Use of different file formats such as Parquet, JSON, CSV etc in building Data Engineering Pipelines

Why take this course?

🌟 Apache Spark - PySpark Course: Harness the Power of Big Data with Python 🌟


Course Overview:

Dive into the world of Big Data with our comprehensive and hands-on Apache Spark - PySpark Course.

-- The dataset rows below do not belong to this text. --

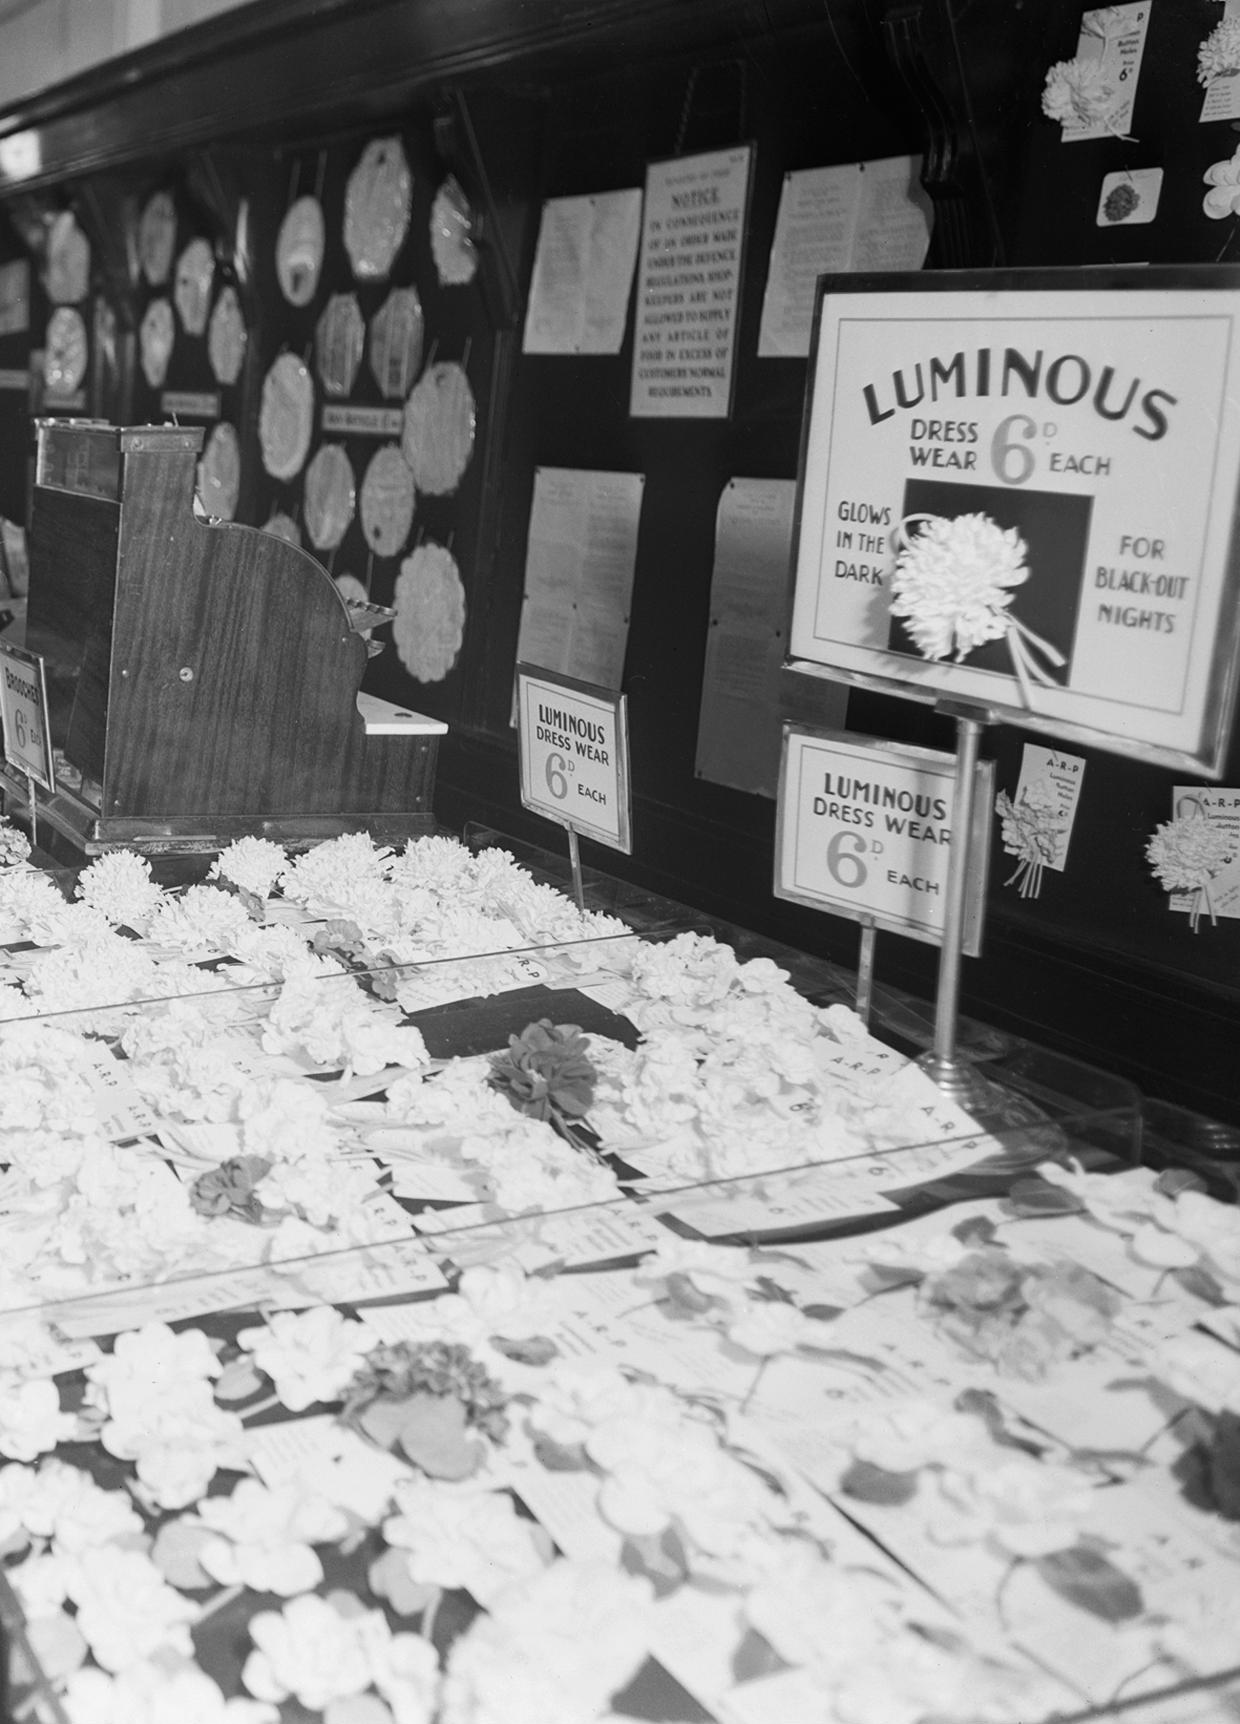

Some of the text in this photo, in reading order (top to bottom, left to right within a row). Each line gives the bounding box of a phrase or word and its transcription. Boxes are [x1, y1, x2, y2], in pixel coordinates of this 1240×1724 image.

[671, 186, 719, 209] NOTICE
[649, 208, 739, 232] IN CONSEQUENCE
[695, 249, 735, 264] DEFENCE
[690, 290, 707, 303] ARE
[712, 287, 733, 300] NOT
[642, 331, 661, 342] ANY
[667, 328, 709, 342] ARTICLE
[678, 348, 713, 360] EXCESS
[862, 347, 1179, 442] LUMINOUS
[910, 418, 979, 443] DRESS
[909, 446, 1112, 477] WEAR EACH
[838, 500, 892, 526] GLOWS
[836, 530, 885, 554] IN THE
[1119, 535, 1165, 560] FOR
[835, 560, 883, 586] DARK
[1094, 566, 1190, 600] BLACK-OUT
[1097, 603, 1176, 634] NIGHTS
[539, 703, 606, 745] LUMINOUS
[536, 725, 609, 767] DRESS WEAR
[577, 783, 607, 805] EACH
[824, 772, 947, 821] LUMINOUS
[813, 796, 953, 846] DRESS WEAR
[887, 869, 940, 896] EACH

This course is designed to take you from a beginner to an advanced user of Apache Spark using Python, one of the most influential programming languages in the data science domain.


Why Choose PySpark? πŸš€

  • Industry Demand: Top tech giants like Google, Facebook, Netflix, Airbnb, Amazon, and NASA are harnessing the power of Apache Spark for their Big Data needs.
  • Performance: Up to 100 times faster than Hadoop MapReduce, making it a key tool for large-scale data processing.
  • Market Value: Mastering Spark, especially with its PySpark framework, makes you a highly sought-after professional in the job market.

What You'll Learn:

Apache Spark Fundamentals:

  • Understand the Spark architecture and its ecosystem.
  • Get to grips with Spark's Data Sources API and DataFrame API.

Data Manipulation & Analysis:

  • Efficiently ingest data from CSVs, JSON files, and more into your data lake as parquet files or tables.
  • Execute crucial PySpark transformations such as filtering, joining, aggregations, and groupBy operations to manipulate and analyze data effectively.

DataFrame Operations:

  • Learn how to create local and temporary views to organize your data within PySpark more efficiently.
  • Master PySpark DataFrames for advanced data analysis tasks.

Advanced Topics:

  • Explore Spark RDDs (Resilient Distributed Datasets) as the foundation of Spark's distributed data processing capabilities.
  • Understand the use of DataFrame transformations and actions to perform complex data operations.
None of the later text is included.